- Work order
Copy out the entries exactly. Print them in full.

- Data extract
# # # #
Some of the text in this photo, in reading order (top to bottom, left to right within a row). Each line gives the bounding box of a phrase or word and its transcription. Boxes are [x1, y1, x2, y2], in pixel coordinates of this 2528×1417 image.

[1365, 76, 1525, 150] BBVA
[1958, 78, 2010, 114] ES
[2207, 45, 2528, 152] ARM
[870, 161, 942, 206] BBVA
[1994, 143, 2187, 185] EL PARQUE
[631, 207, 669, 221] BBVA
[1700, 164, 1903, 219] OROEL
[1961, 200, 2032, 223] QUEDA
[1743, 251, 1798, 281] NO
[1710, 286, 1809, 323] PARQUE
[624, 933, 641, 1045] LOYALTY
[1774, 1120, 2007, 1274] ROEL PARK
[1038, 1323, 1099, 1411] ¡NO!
# # # #
- Response to this task
Some of the text in this photo, in reading order (top to bottom, left to right within a row). Each line gives the bounding box of a phrase or word and its transcription. Boxes are [x1, y1, x2, y2], in pixel coordinates of this 2528×1417 image.

[1365, 76, 1525, 150] BBVA
[1958, 78, 2010, 114] ES
[2207, 45, 2528, 152] ARM
[870, 161, 942, 206] BBVA
[1994, 143, 2187, 185] EL PARQUE
[631, 207, 669, 221] BBVA
[1700, 164, 1903, 219] OROEL
[1961, 200, 2032, 223] QUEDA
[1743, 251, 1798, 281] NO
[1710, 286, 1809, 323] PARQUE
[624, 933, 641, 1045] LOYALTY
[1774, 1120, 2007, 1274] ROEL PARK
[1038, 1323, 1099, 1411] ¡NO!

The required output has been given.